#### [What is required]
In the copy, include no pictures, but reproduce every record exactly.

#### [Data extract]
=== Section Start ===

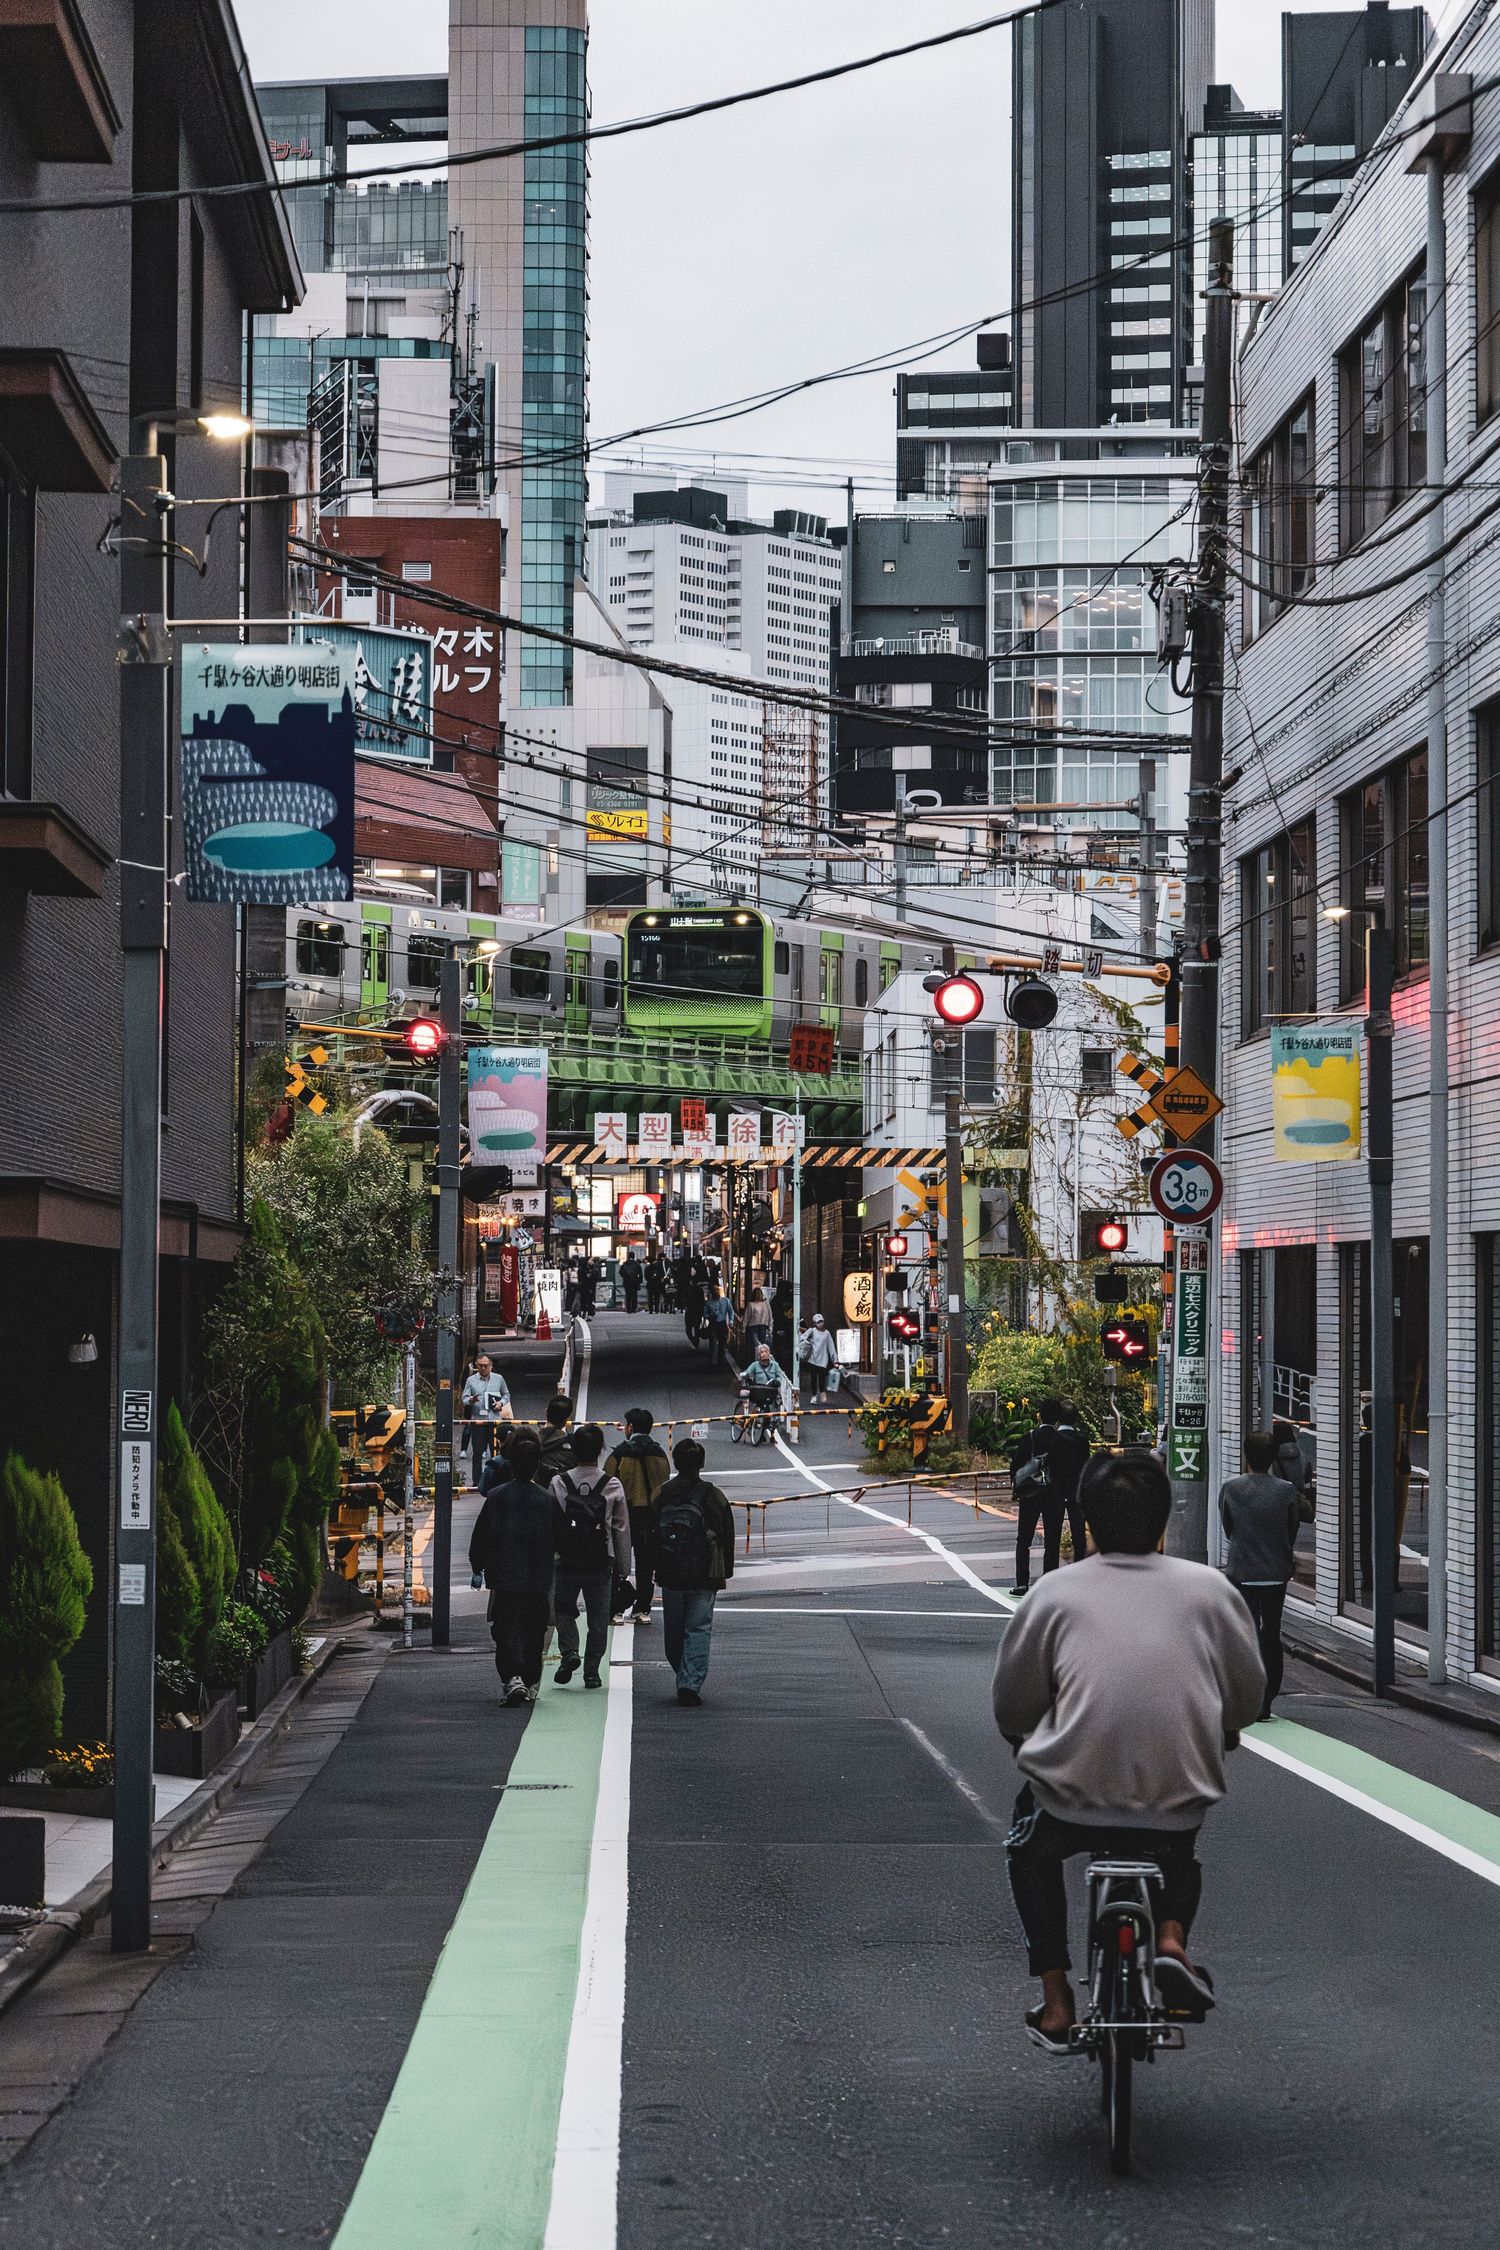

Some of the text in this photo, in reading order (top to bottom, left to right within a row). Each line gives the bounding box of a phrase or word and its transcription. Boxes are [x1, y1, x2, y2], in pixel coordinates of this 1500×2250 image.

[776, 927, 784, 937] JR
[1165, 1170, 1209, 1203] 3.8m
[854, 1276, 871, 1317] 酒と飯
[124, 1391, 150, 1430] NERO
[131, 1445, 140, 1519] 防犯カメラ作動中
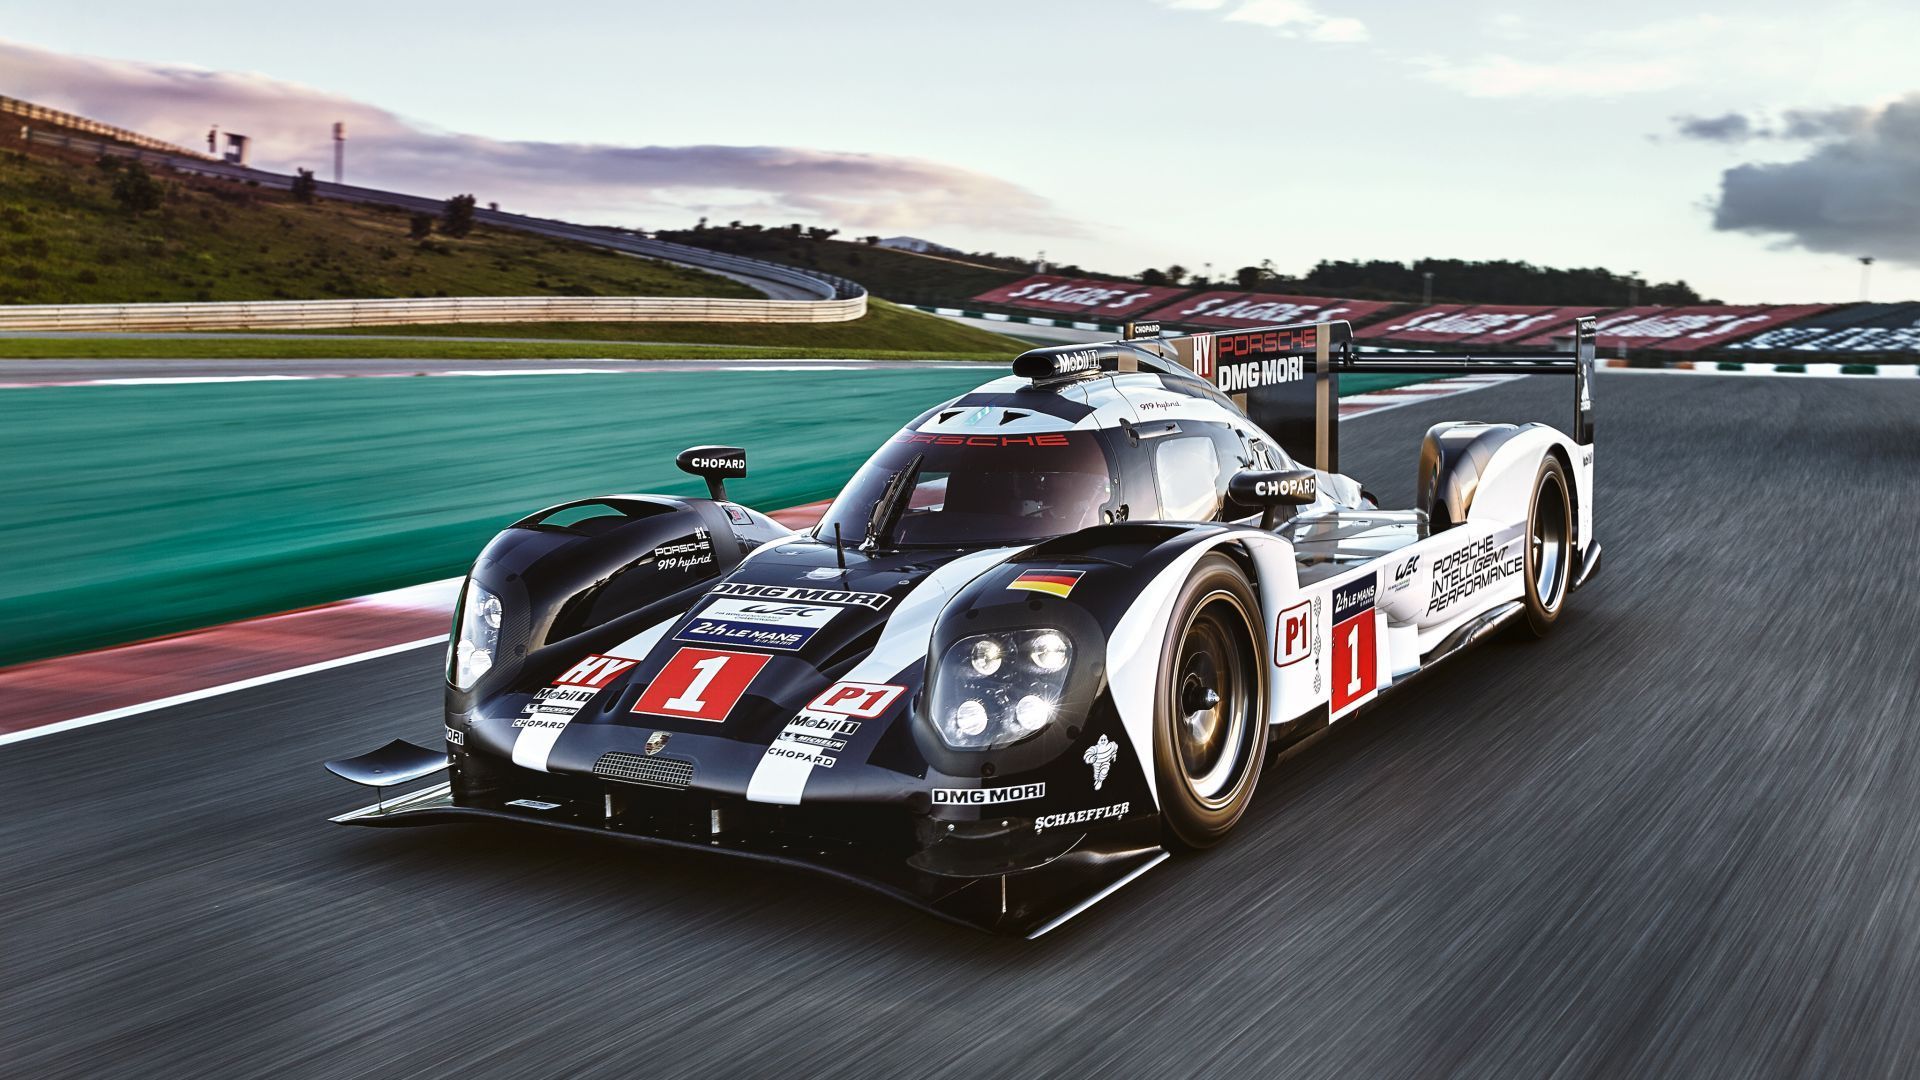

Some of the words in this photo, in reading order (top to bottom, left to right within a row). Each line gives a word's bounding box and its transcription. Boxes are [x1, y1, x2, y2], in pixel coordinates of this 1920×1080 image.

[1008, 283, 1152, 308] SAGRES
[1135, 324, 1160, 334] CHOPARD
[1218, 329, 1317, 358] PORSCHE
[1056, 351, 1089, 373] Mobil
[1193, 335, 1211, 375] HY
[1218, 362, 1260, 392] DMG
[1261, 356, 1304, 386] MORI
[1140, 402, 1154, 411] 919
[893, 434, 1070, 447] ORSCHE
[691, 457, 745, 469] CHOPARD
[1255, 478, 1315, 496] CHOPARD
[655, 541, 710, 557] PORSCHE
[1432, 534, 1494, 579] PORSCHE
[657, 557, 676, 570] 919
[677, 553, 712, 573] hybrid
[1395, 554, 1420, 581] WEC
[1431, 545, 1509, 598] INTELLIGENT
[1348, 595, 1356, 608] LE
[1357, 585, 1375, 602] MANS
[1425, 556, 1523, 618] PERFORMANCE
[788, 589, 892, 609] MORI
[739, 604, 826, 617] WEC
[725, 629, 750, 638] LE
[748, 631, 803, 643] MANS
[1286, 612, 1306, 656] P1
[1347, 623, 1361, 697] 1
[556, 656, 637, 686] HY
[662, 656, 731, 712] 1
[536, 689, 577, 701] Mobil
[823, 687, 889, 711] P1
[513, 719, 566, 729] CHOPARD
[790, 715, 841, 732] Mobil
[445, 726, 464, 745] ORI
[797, 735, 846, 749] MICHELIN
[768, 747, 834, 767] CHOPARD
[933, 789, 985, 803] DMG
[990, 784, 1044, 802] MORI
[1034, 801, 1130, 830] SCHAEFFLER
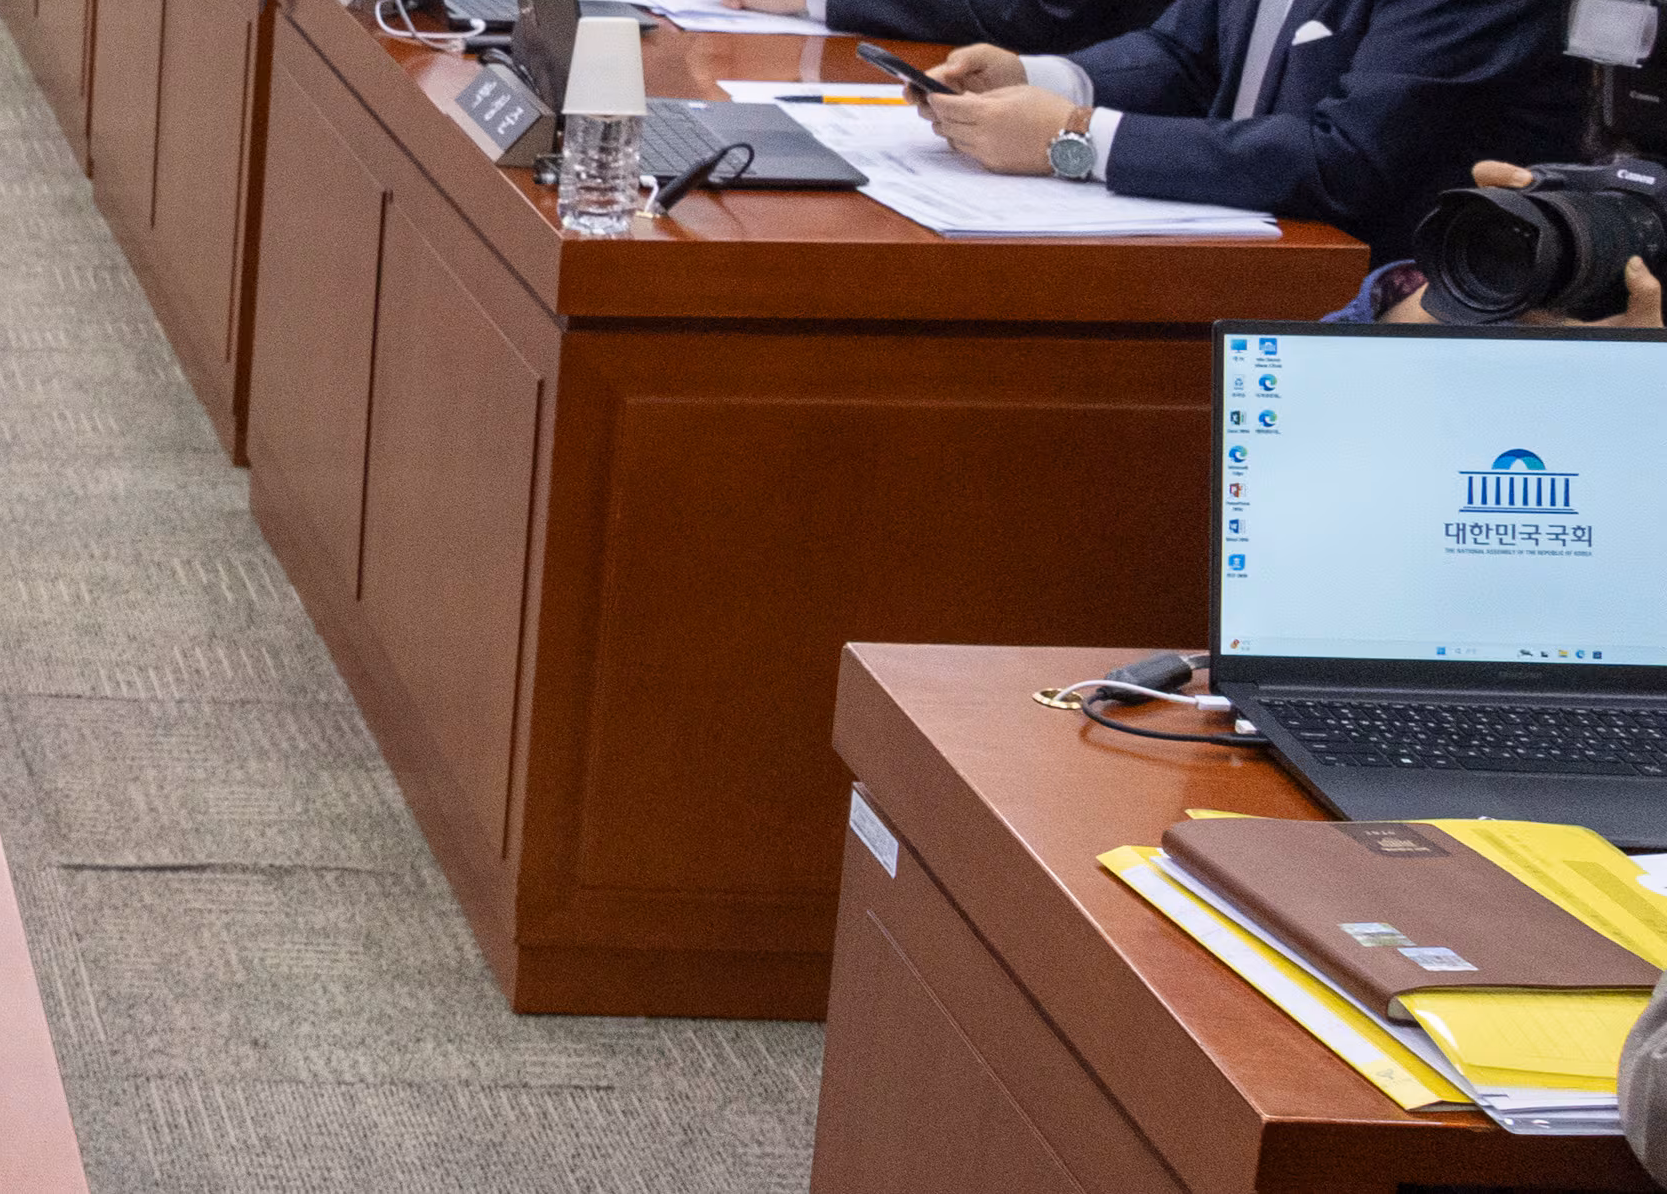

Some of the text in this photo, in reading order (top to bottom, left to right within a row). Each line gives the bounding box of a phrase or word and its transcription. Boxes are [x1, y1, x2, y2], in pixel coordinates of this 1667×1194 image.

=== Section End ===

#### [Result below]
Some of the text in this photo, in reading order (top to bottom, left to right within a row). Each line gives the bounding box of a phrase or word and its transcription. Boxes are [x1, y1, x2, y2], in pixel coordinates of this 1500×2250 image.

[776, 927, 784, 937] JR
[1165, 1170, 1209, 1203] 3.8m
[854, 1276, 871, 1317] 酒と飯
[124, 1391, 150, 1430] NERO
[131, 1445, 140, 1519] 防犯カメラ作動中

Some of the words in this photo, in reading order (top to bottom, left to right within a row). Each line gives a word's bounding box and its transcription. Boxes are [x1, y1, x2, y2], in pixel coordinates of this 1920×1080 image.

[1008, 283, 1152, 308] SAGRES
[1135, 324, 1160, 334] CHOPARD
[1218, 329, 1317, 358] PORSCHE
[1056, 351, 1089, 373] Mobil
[1193, 335, 1211, 375] HY
[1218, 362, 1260, 392] DMG
[1261, 356, 1304, 386] MORI
[1140, 402, 1154, 411] 919
[893, 434, 1070, 447] ORSCHE
[691, 457, 745, 469] CHOPARD
[1255, 478, 1315, 496] CHOPARD
[655, 541, 710, 557] PORSCHE
[1432, 534, 1494, 579] PORSCHE
[657, 557, 676, 570] 919
[677, 553, 712, 573] hybrid
[1395, 554, 1420, 581] WEC
[1431, 545, 1509, 598] INTELLIGENT
[1348, 595, 1356, 608] LE
[1357, 585, 1375, 602] MANS
[1425, 556, 1523, 618] PERFORMANCE
[788, 589, 892, 609] MORI
[739, 604, 826, 617] WEC
[725, 629, 750, 638] LE
[748, 631, 803, 643] MANS
[1286, 612, 1306, 656] P1
[1347, 623, 1361, 697] 1
[556, 656, 637, 686] HY
[662, 656, 731, 712] 1
[536, 689, 577, 701] Mobil
[823, 687, 889, 711] P1
[513, 719, 566, 729] CHOPARD
[790, 715, 841, 732] Mobil
[445, 726, 464, 745] ORI
[797, 735, 846, 749] MICHELIN
[768, 747, 834, 767] CHOPARD
[933, 789, 985, 803] DMG
[990, 784, 1044, 802] MORI
[1034, 801, 1130, 830] SCHAEFFLER

Some of the text in this photo, in reading order (top to bottom, left to right within a row). Each line gives the bounding box of a phrase or word and its transcription. Boxes are [x1, y1, x2, y2], in pixel coordinates of this 1667×1194 image.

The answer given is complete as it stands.